Saturday, May 14, 2011

Some Newt thoughts

There are a lot of Gingrich gems in this Business Week article. My favorite, of course, is that he compares next year's presidential election to that of 1860, which involved a progressive Illinois politician facing off against racist white southerners. I'm not sure how far he wants to push that metaphor. I also enjoy his odd claim that GE would pay more in corporate taxes if we lowered them. And then there's this nice juxtaposition:
In an interview with The Associated Press earlier Friday Gingrich said he's grown more mature since his days as House speaker, and before that, when he was often described as a bomb-throwing insurgent member of the House Republican minority.
[...]
Last year, he suggested U.S. Supreme Court nominee Sonia Sotomayor was a racist, said Obama is best understood by his "Kenyan, anti-colonial behavior," and argued that placing a mosque near ground zero in New York City was akin to placing a Nazi sign next to the Holocaust Museum.
These statements, ridiculous as they are, are not the reason that Newt won't get the Republican presidential nomination. The main reason is, as Jon Bernstein has been pointing out for some time, major parties just don't nominate House members for the presidency, and they certainly don't nominate people who retired from the House over a decade ago. In disgrace. The man has never won an election outside suburban Atlanta, and he's provided no evidence in recent years that he ever will. Really, it's hard to imagine that a guy whose last electoral victory was over Cooter feels prepared to take on Obama.

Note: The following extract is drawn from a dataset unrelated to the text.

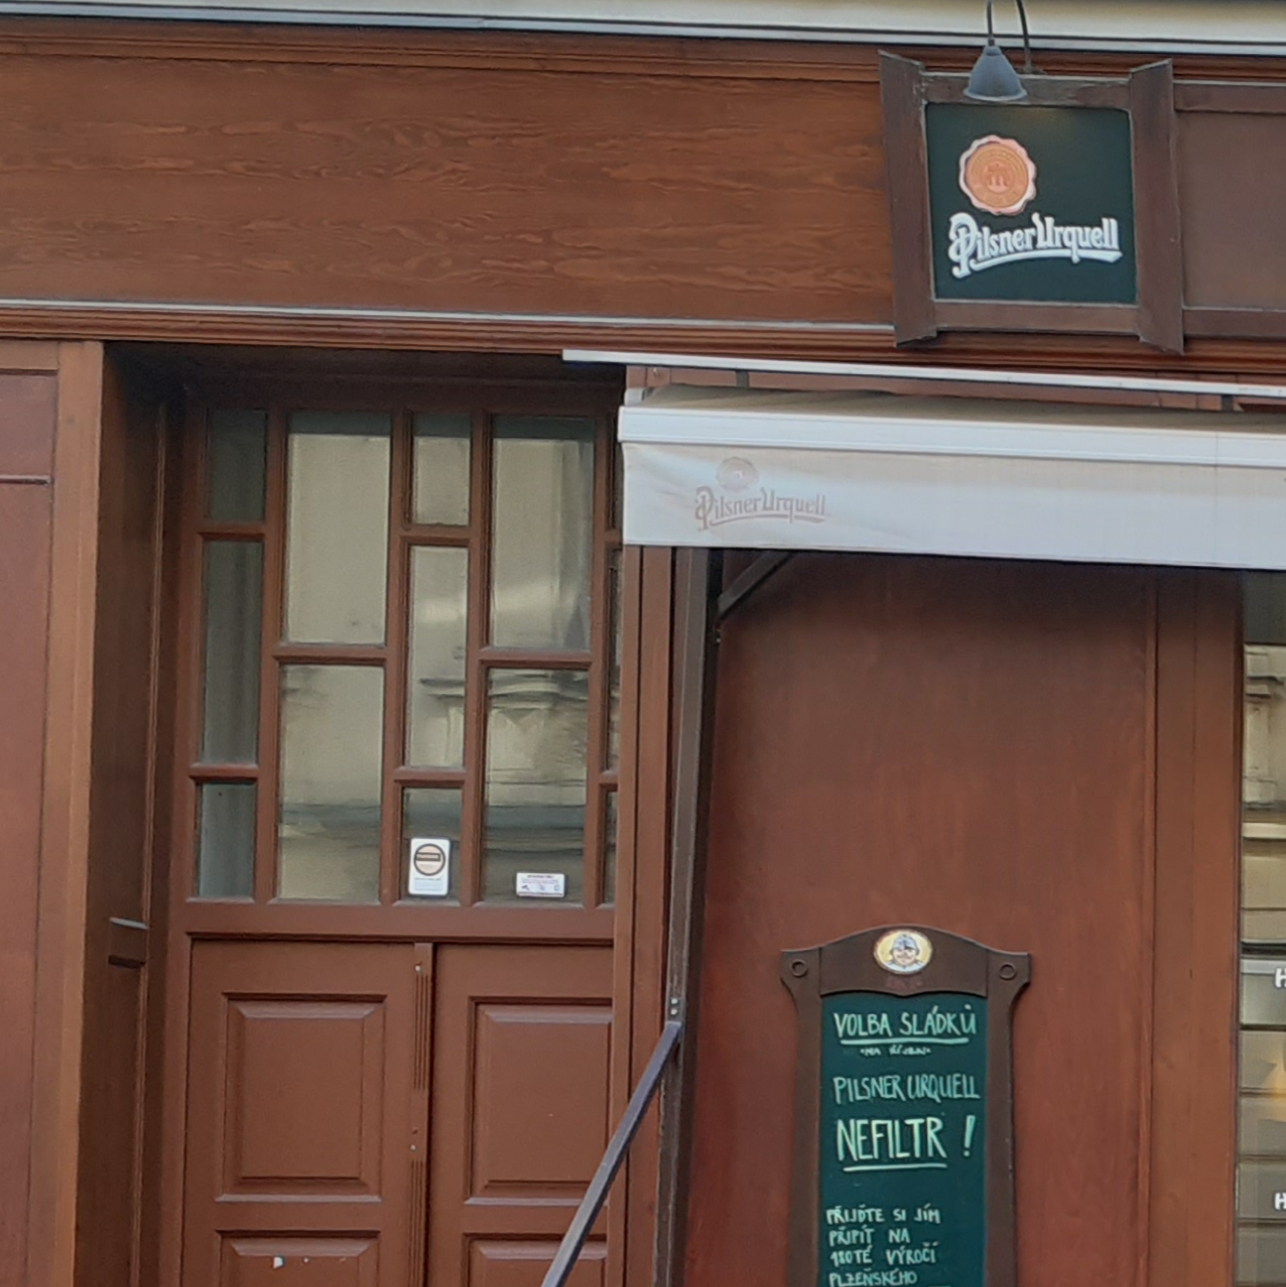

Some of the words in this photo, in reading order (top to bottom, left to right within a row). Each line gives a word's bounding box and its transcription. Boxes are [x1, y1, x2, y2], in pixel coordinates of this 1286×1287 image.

More specifically, Newt faces the problem that a lot of Republicans really don't like him. John Podhoretz's takedown is pretty epic along these lines.

I'm not quite so quick as Bernstein to dismiss Newt as a complete charlatan. While I think he received (and claimed) too much credit for the Republican takeover in 1994, he was responsible, as far as I know, for recruiting quite a few high quality House candidates that year and seeing that they received proper funding. Recruitment matters a great deal in elections, and he was one of very few DC insiders who saw a GOP House takeover as a real possibility long before it happened. And he actually does stumble across clever ideas once in a while, and if you heard his 1995 speech upon becoming Speaker, you know that he can, at times, be quite interesting, historically-minded, and gracious. But those moments are rare.

For the record, I have personally encountered Gingrich twice. Once was in the summer of 1990 -- I was interning on Capitol Hill and got to eat in the House dining room at the same time that he was there. He was eating alone at a table, deep in thought. The second time was at the Irish Times bar on Capitol Hill on the 100th day of the 104th Congress. Republicans were out celebrating all over town. I was actually sitting with some NARAL employees when Newt walked in. A friend of mine invited him to sit with us. He very politely declined. (To my relief -- it would have been an awkward evening.) Oh, and a friend of mine got to use the urinal next to Tony Blankley that same evening. Good times.